Wednesday, February 19, 2014

For the Love of It

It is no secret to anyone who knows me that I am a lover of Mozart's music; better-put, I'm a lover of Mozart, period. I've had an obsession with him since I was a toddler and my parents played LPs featuring his piano concertos and symphonies on our stereo. When I went to college and majored in vocal performance, my favorite operas were by Mozart, and later, when I went on to graduate school, I did my master's thesis on Mozart's original Susanna in The Marriage of Figaro, Anna "Nancy" Storace.

It was while I did my research for that thesis that I unearthed some amazing information about their relationship (which some of the most respected Mozart historians of the past suspected was more than a warm professional association), that piqued my interest so much, that after I completed my thesis, I continued on for 8 more years of in-depth research into Nancy Storace, her life, her family, her career, and her relationship not only with Mozart, but the 20 year relationship she had with the English tenor, John Braham. After I met Steph (who is a retired orchestral conductor and Mozart historian), we combined our research on Mozart and Nancy Storace and out of all that research was born a novel series entitled So Faithful a Heart, which contains two books entitled The Love Story of Nancy Storace & Wolfgang Mozart and When Love Won't Die.

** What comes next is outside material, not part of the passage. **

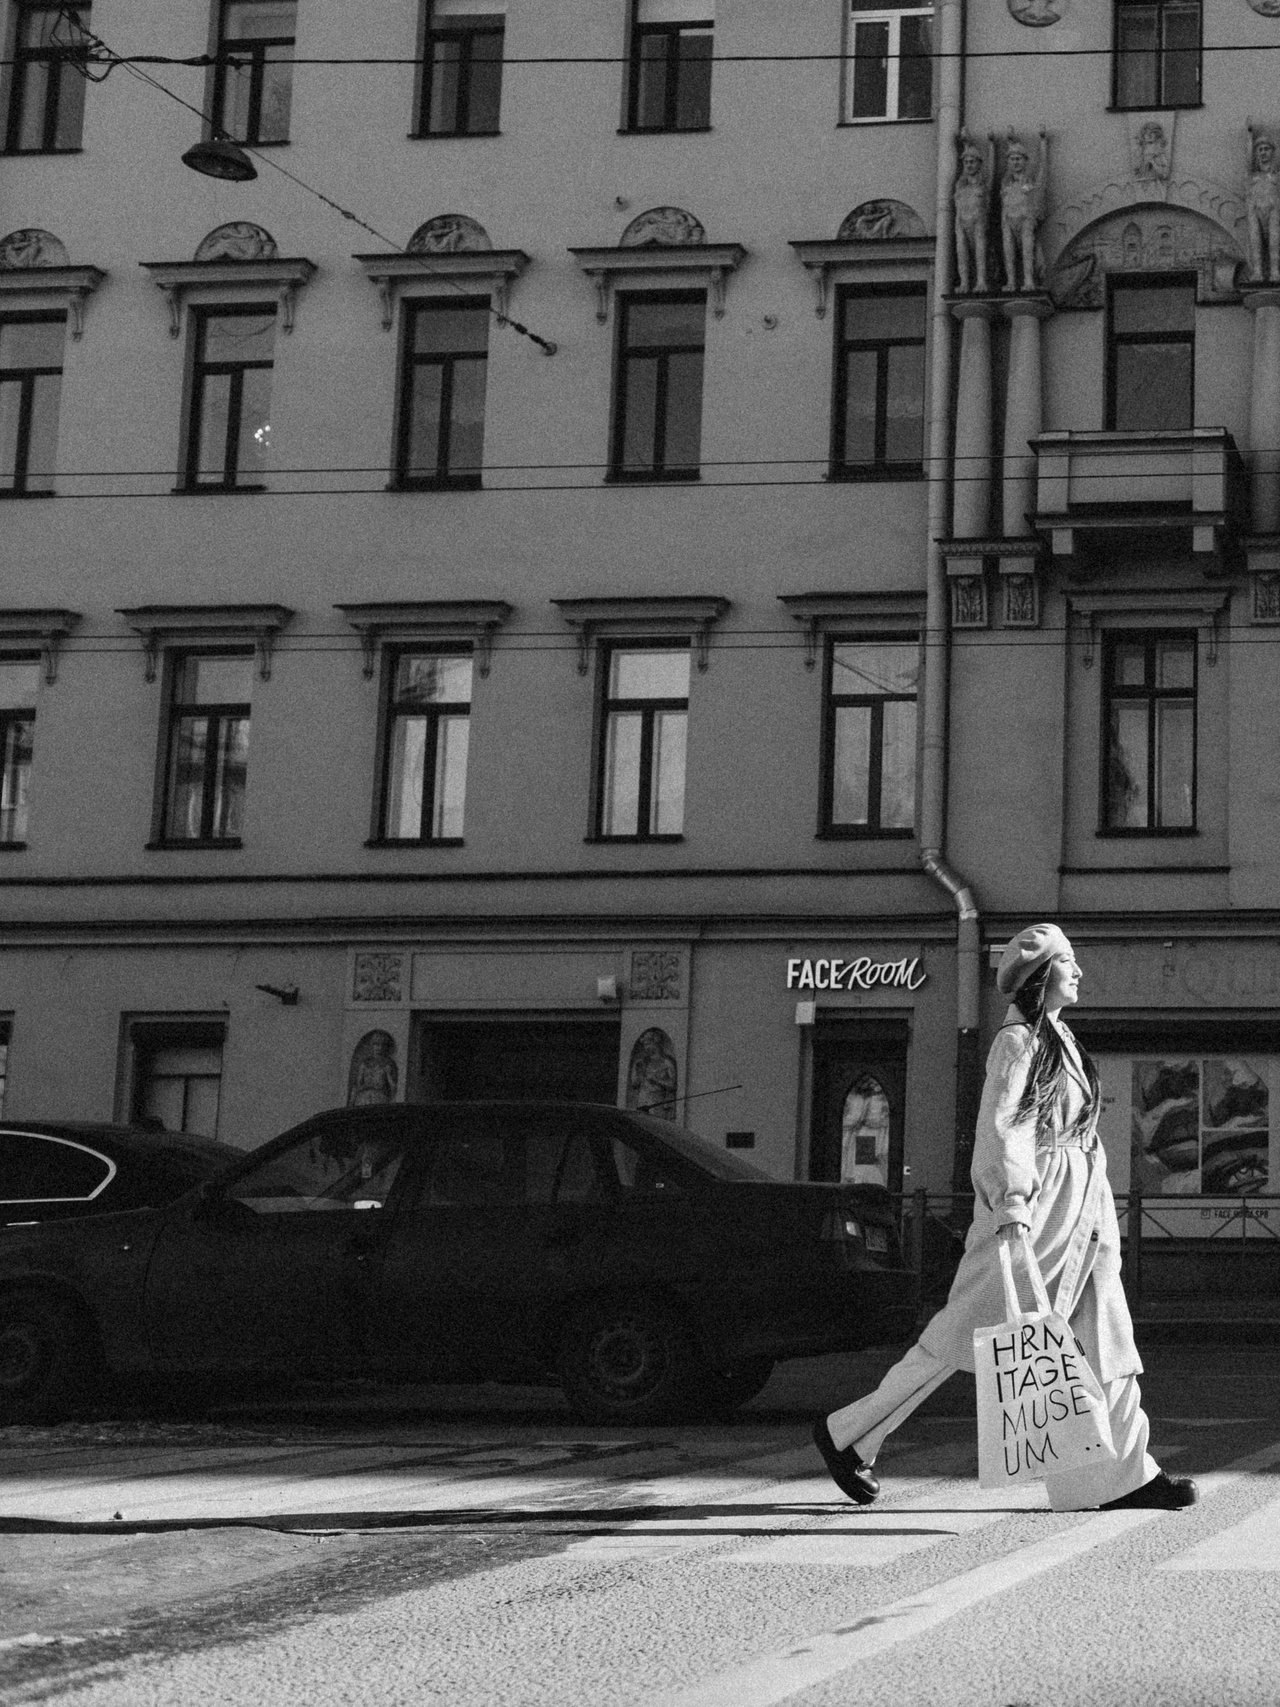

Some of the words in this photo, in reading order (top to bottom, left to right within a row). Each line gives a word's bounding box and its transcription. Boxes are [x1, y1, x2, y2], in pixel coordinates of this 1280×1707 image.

[787, 959, 844, 989] FACE
[996, 1353, 1081, 1403] ITAGE
[1003, 1385, 1091, 1441] MUSE
[1004, 1432, 1059, 1476] UM
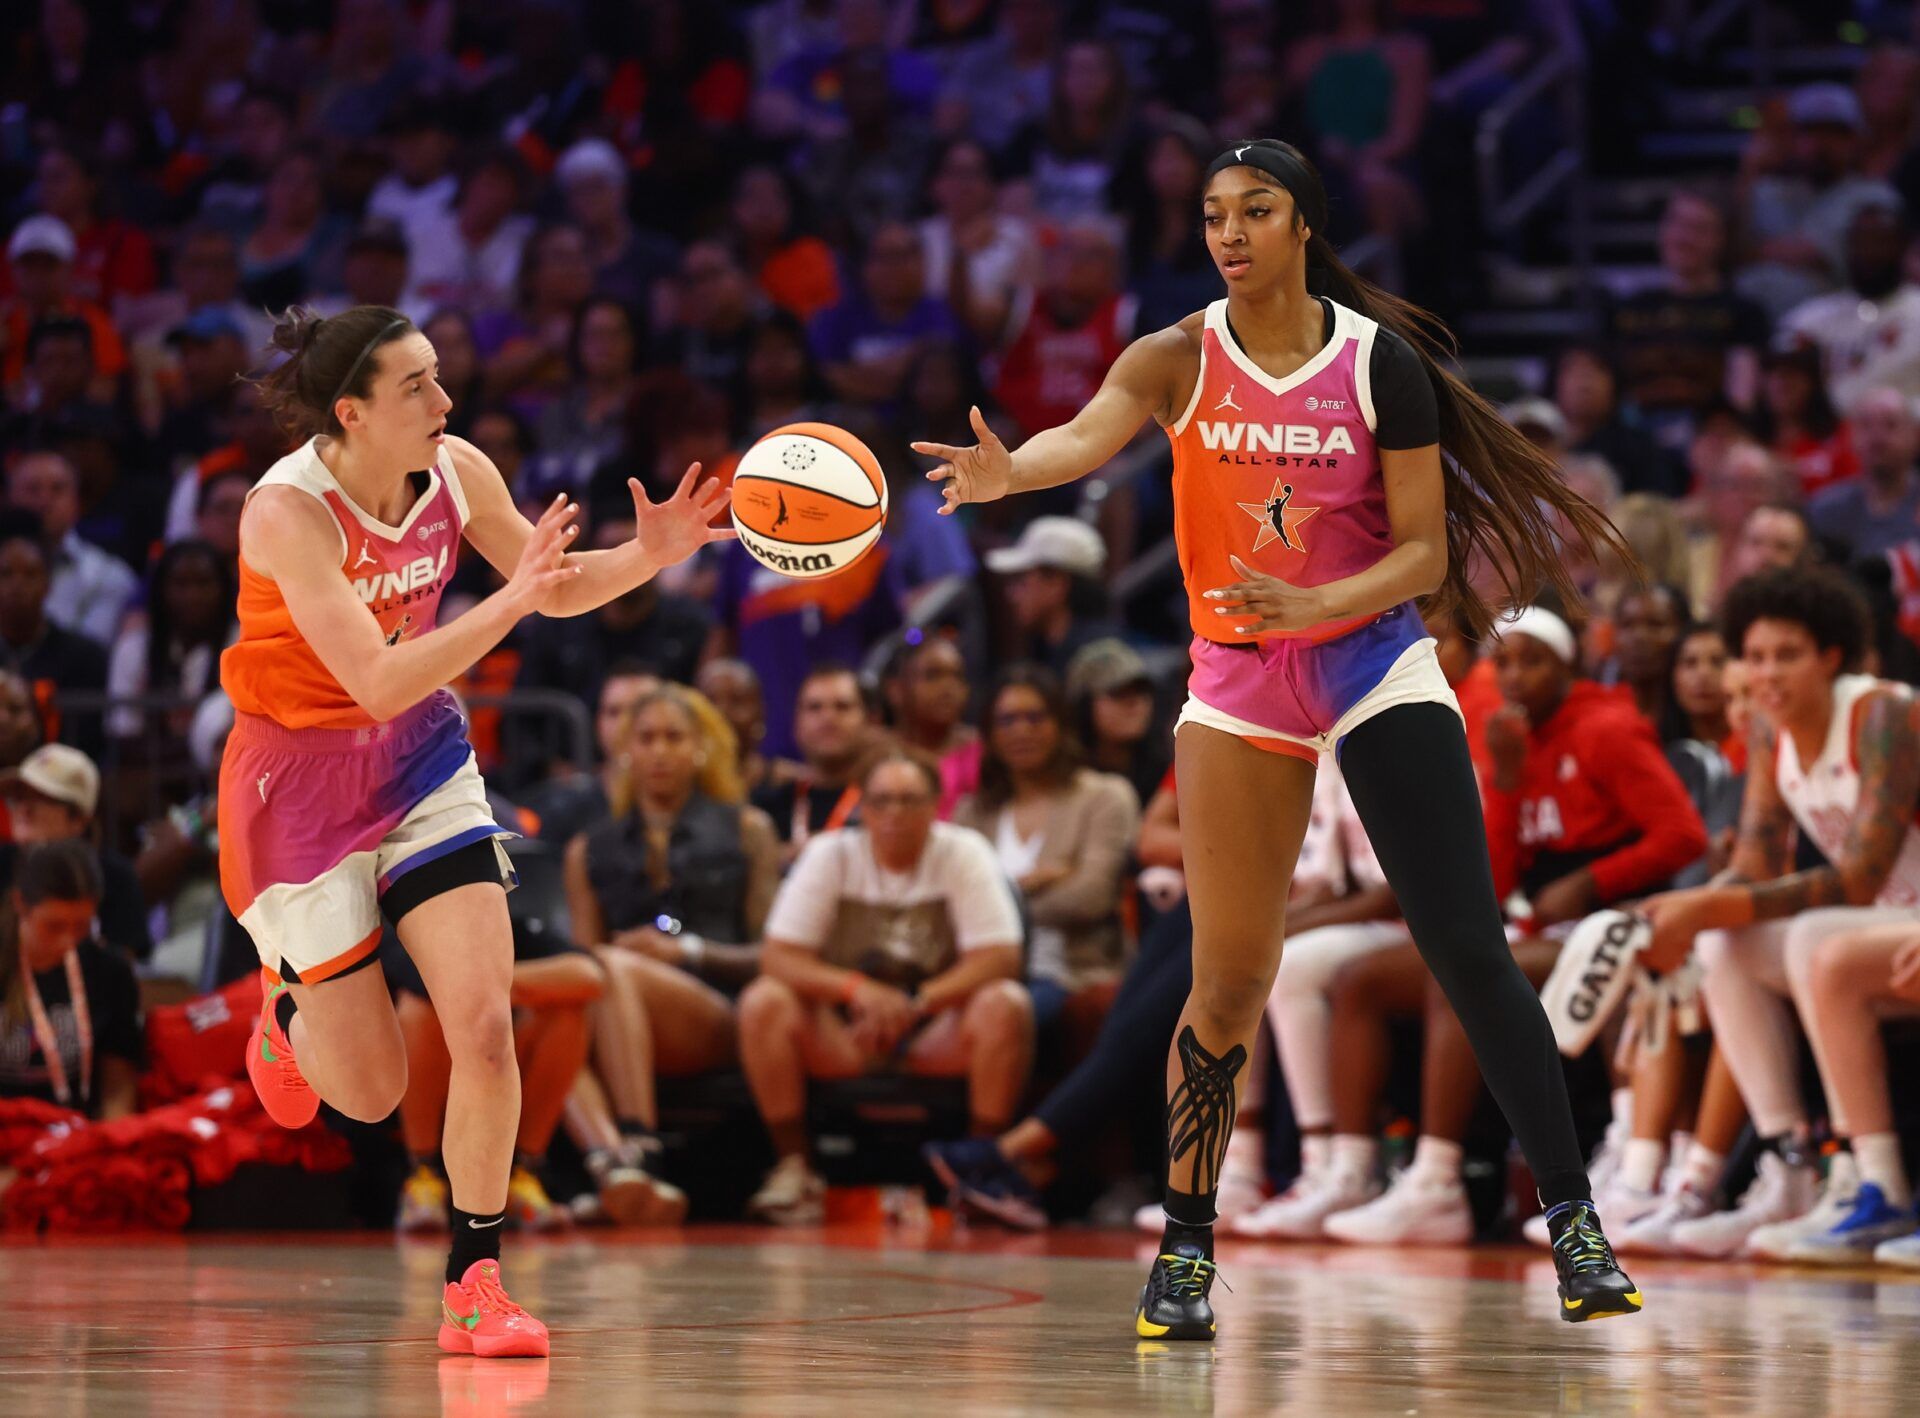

One of the greatest challenges we have faced as independent writers/authors and publishers is the marketing of our work. With the explosion of online print-on-demand self-publishing and electronic books has come the accompanying explosion of self-published books in every genre imaginable. We see this as nothing but positive, except that it means more books than the consumer can wade through. Therefore, the average
consumer still looks for "brand names", or in other words, books that are listed on the bestseller list and/or
are published through the traditional method through a big-name publisher. Marketing a book under these conditions is a daunting and often frustrating task. Your biggest market is usually friends and family. Beyond that, you've got to find other ways and give a lot of freebies and sometimes pay big money to companies that will market your book for you. Either way, if you expect a huge return for your efforts, you're doomed to be disappointed.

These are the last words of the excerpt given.